There are several limitations to this study. Some of the limitations result from the limited nature of the available data to respect the anonymity of the candidates. Data regarding candidate demographics (e.g., age, gender, geographic location or identification of residency program, pursued specialty fellowship, or whether they chose an academic or private practice career) and outcomes of each case were not available. Thus further subgroup analyses comparing candidate practice profiles with type of plastic surgery practice (i.e. private practice or academic) or specialty fellowship training could not be performed. In addition, changes in the certification examination policies and processes in response to candidate needs as well as trends in medicine will be reflected in the data collection. For example, changes include, but are not limited to, new added CPT codes for innovative procedures. These changes may introduce some variability in the results. However, the robustness of having 10 years of candidate data are invaluable for the purpose of examining general trends in the practice of young plastic surgeons. Additionally, specific case-collection requirements for the case-logs (e.g., minimum case number requirements and anatomical regions and categories) have been only recently established for the 2010 examination process. No such mandatory requirements for the case-logs were in place from 2000 to 2009. Thus we feel confident that practice profiles and trends described in the dataset are reflective of all available and chosen surgeries by young plastic surgery candidates.
Conclusions
Ten years of practice profiles of young plastic surgery candidates for initial certification are described and analyzed for the first time by the American Board of Plastic Surgery.

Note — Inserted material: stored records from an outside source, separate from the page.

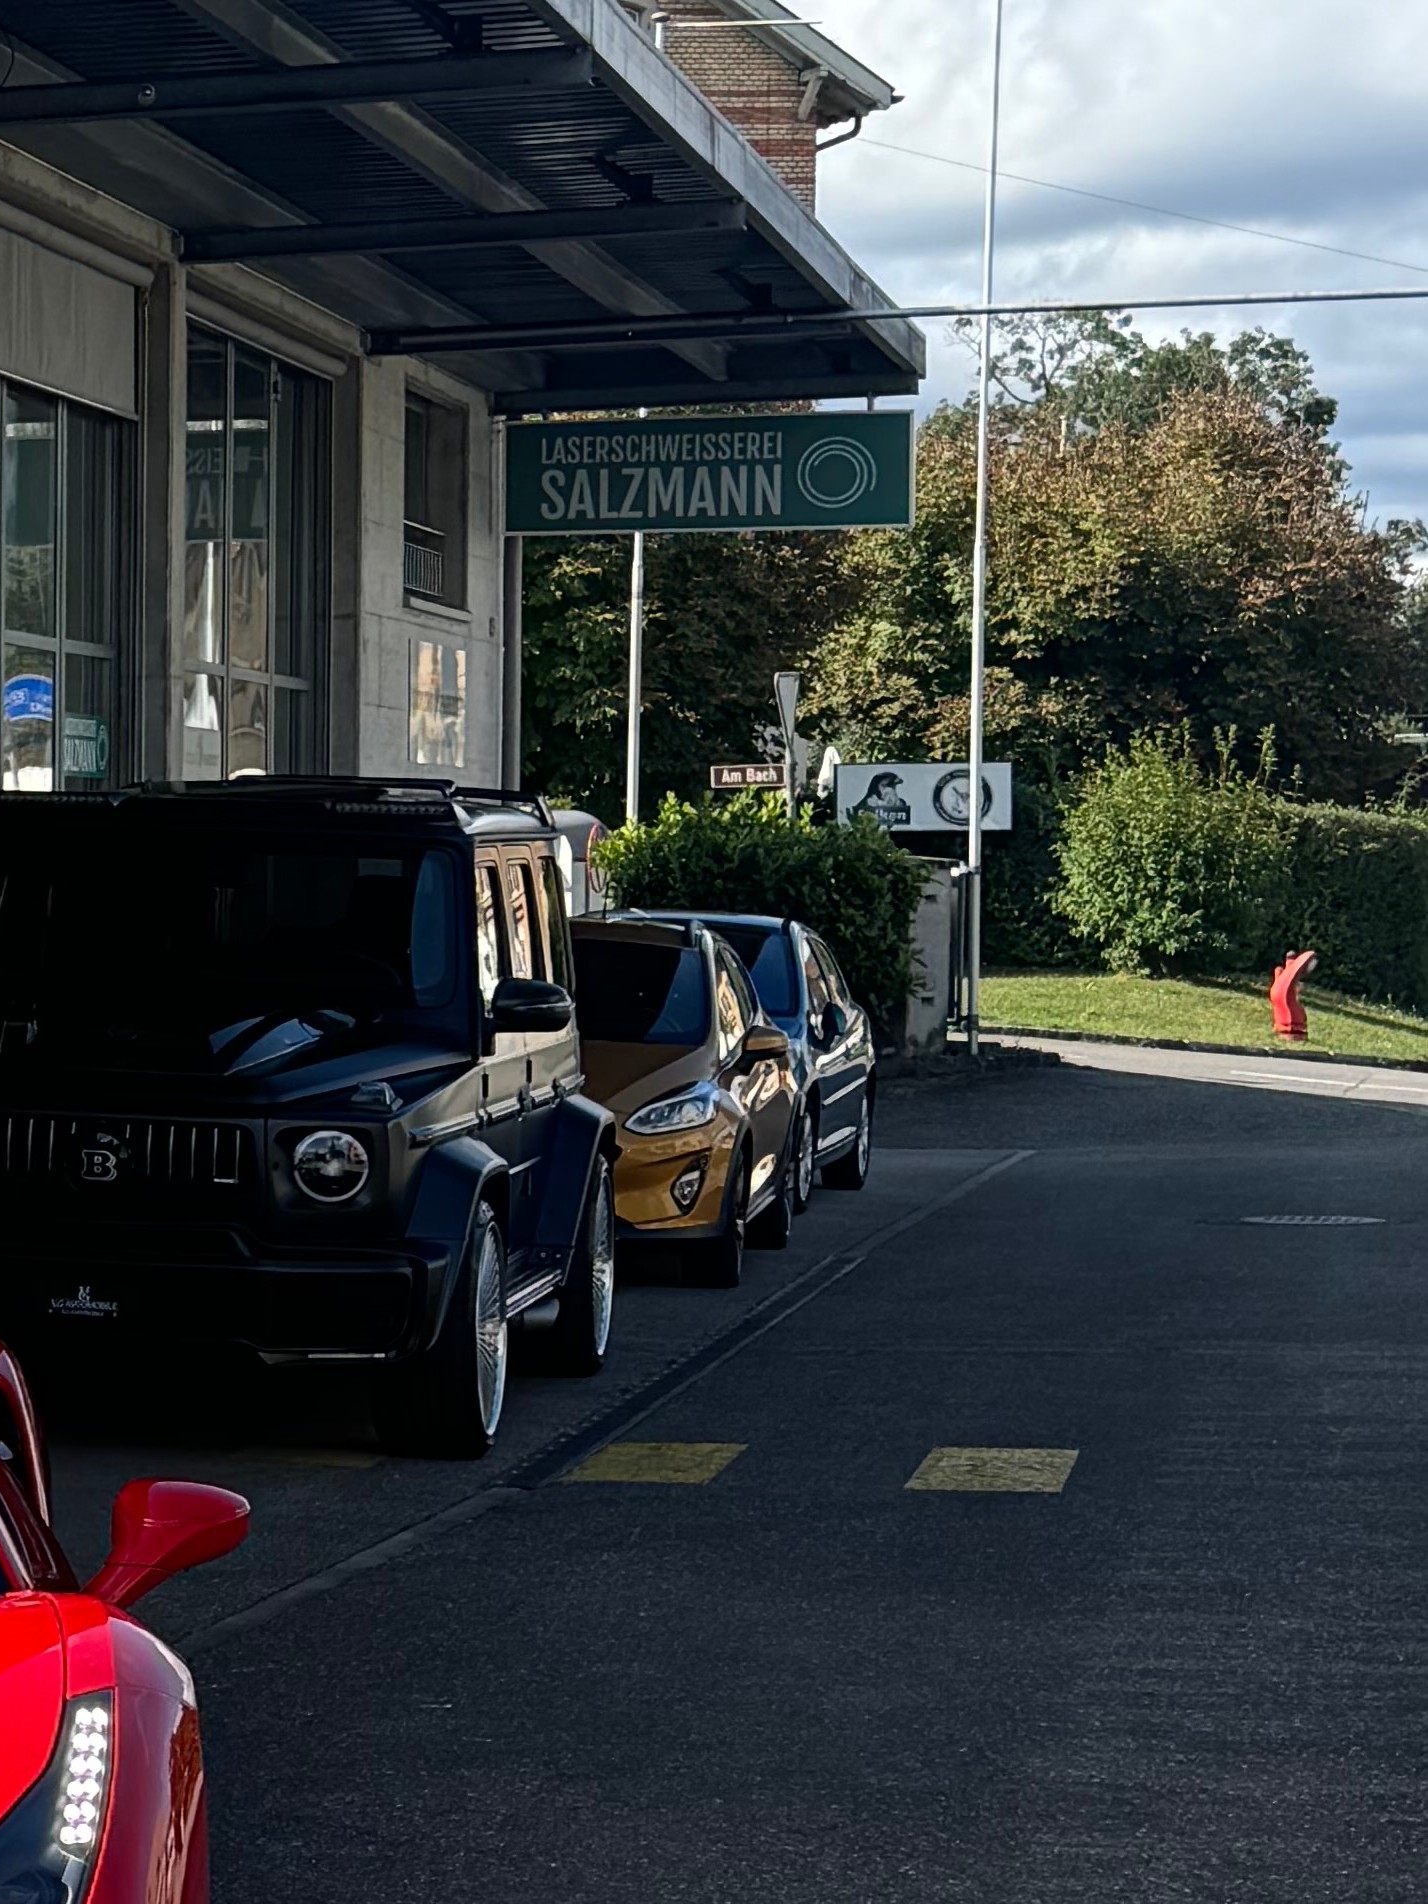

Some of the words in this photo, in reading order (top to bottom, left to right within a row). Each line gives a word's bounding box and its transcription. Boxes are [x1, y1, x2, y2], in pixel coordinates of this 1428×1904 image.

[541, 431, 782, 464] LASERSCHWEISSEREI
[540, 464, 782, 520] SALZMANN
[721, 768, 742, 783] Am
[746, 767, 777, 782] Bach
[81, 1149, 117, 1181] B

Compared to reconstructive surgery cases, cosmetic surgery cases demonstrated variability in year-to-year case volumes. These yearly trends paralleled the economic recession. Nonetheless, despite the recession and declining reimbursement fees, plastic surgery candidates show commitment to satisfying both reconstructive and cosmetic surgery procedure demands in their respective communities. Finally, among the types of reconstructive surgery procedures, hand surgery procedures emerged as the least commonly performed procedure during the past 10 years among these young plastic surgeons. An effort to enhance awareness of the need for hand surgery is warranted among plastic surgery residents.
Acknowledgments
The authors thank Heidi Reichert, MA for her help with the statistical analysis, Melissa Karch for the administrative help and critical review of the manuscript, and John J. Harrast for the data management. This project was supported in part by a Midcareer Investigator Award in Patient-Oriented Research (K24 AR053120) from the National Institute of Arthritis and Musculoskeletal and Skin Diseases (to Dr. Kevin C. Chung).
Footnotes
Financial Disclosure: None of the authors has a financial interest in any of the products, devices or drugs mentioned in this manuscript.